On Parchment: Animals, Archives, and the Making of Culture from Herodotus to the Digital Age

Current price: $40.00
Publication Date: February 21st, 2023
Publisher:
Yale University Press
ISBN:
9780300260212
Pages:
448
Usually Ships in 1 to 5 Days

Description

A sweeping exploration of the shaping role of animal skins in written culture and human imagination over three millennia
 
“Richly detailed and illustrated. . . . An engaging exploration of book history.”—Kirkus Reviews
 
For centuries, premodern societies recorded and preserved much of their written cultures on parchment: the rendered skins of sheep, cows, goats, camels, deer, gazelles, and other creatures. These remains make up a significant portion of the era’s surviving historical record. In a study spanning three millennia and twenty languages, Bruce Holsinger explores this animal archive as it shaped the inheritance of the Euro-Mediterranean world, from the leather rolls of ancient Egypt to the Acts of Parliament in the United Kingdom.
 
Holsinger discusses the making of parchment past and present, the nature of the medium as a biomolecular record of faunal life and environmental history, the knotty question of “uterine vellum,” and the imaginative role of parchment in the works of St.
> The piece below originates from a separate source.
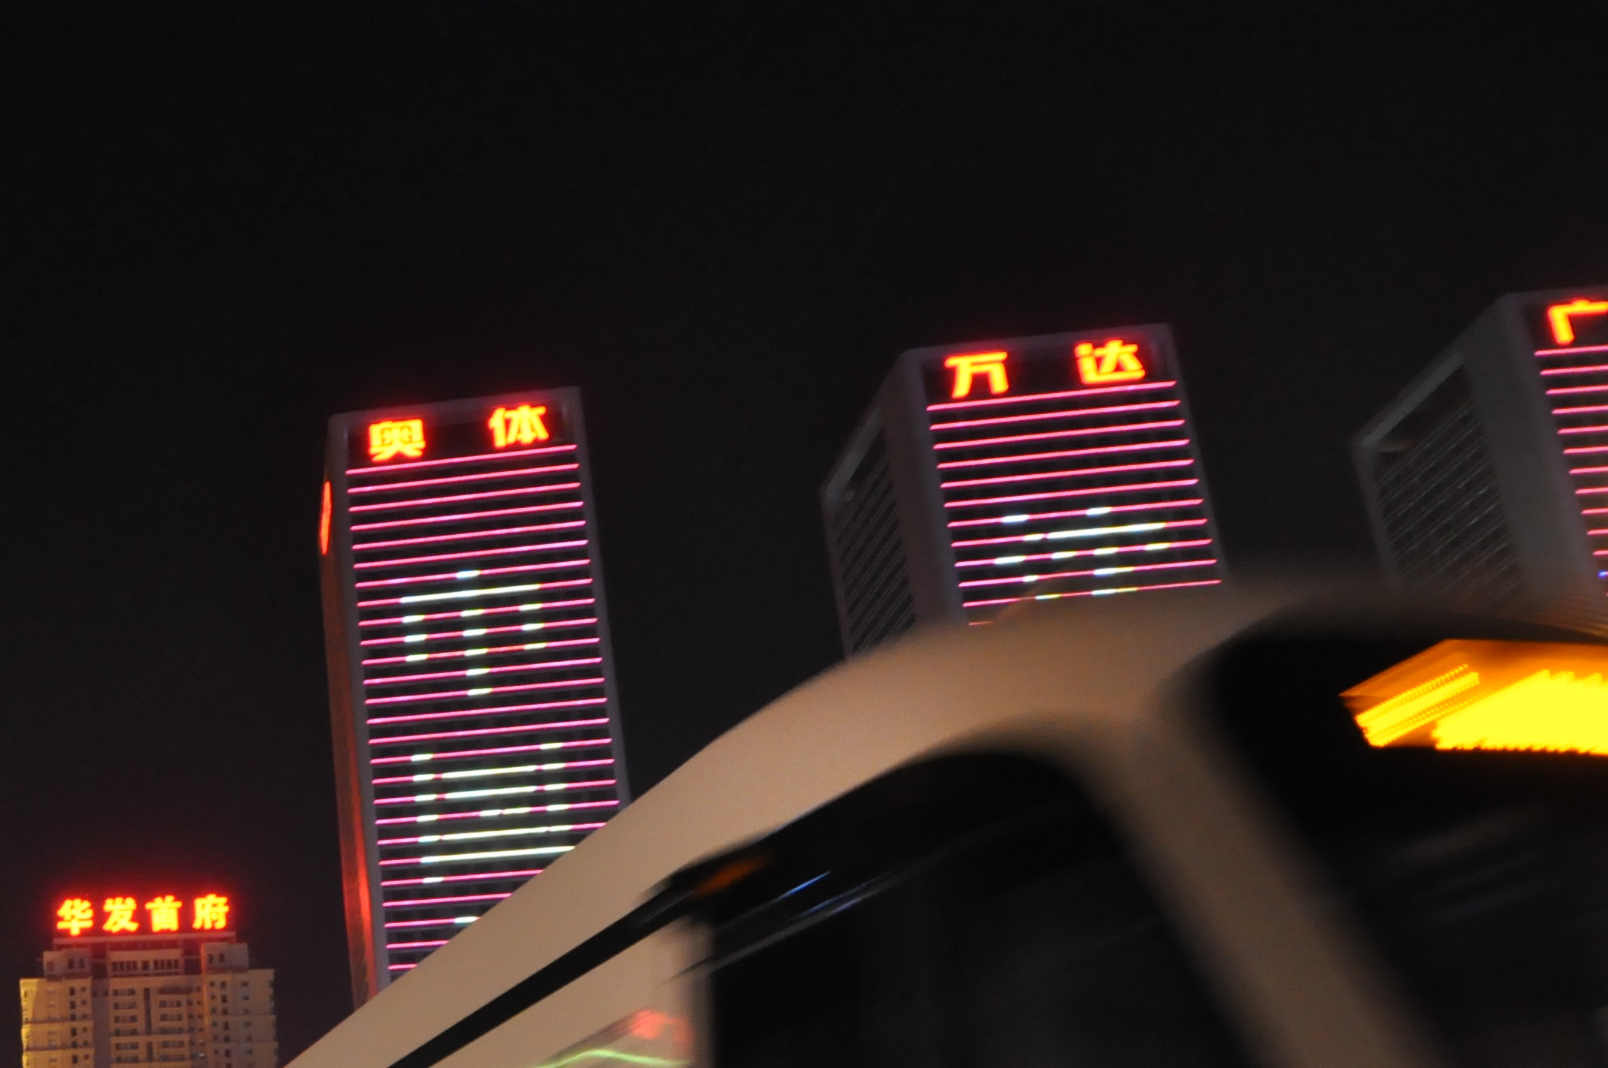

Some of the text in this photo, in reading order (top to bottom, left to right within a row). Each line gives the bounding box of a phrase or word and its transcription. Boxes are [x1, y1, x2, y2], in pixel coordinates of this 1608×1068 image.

[943, 339, 1147, 399] 万达
[368, 403, 550, 463] 奥体
[55, 893, 230, 936] 华发首府
Augustine, William Shakespeare, and a range of Jewish rabbinic writers of the medieval era. Closely informed by the handicraft of contemporary makers, painters, and sculptors, the book draws on a vast array of sources—codices and scrolls, documents and ephemera, works of craft and art—that speak to the vitality of parchment across epochs and continents. At the center of On Parchment is the vexed relationship of human beings to the myriad slaughtered beasts whose remains make up this vast record: a relationship of dominion and compassion, of brutality and empathy.

About the Author

Bruce Holsinger is Linden Kent Memorial Professor at the University of Virginia, editor of New Literary History, and an award-winning author. He lives in Charlottesville, VA.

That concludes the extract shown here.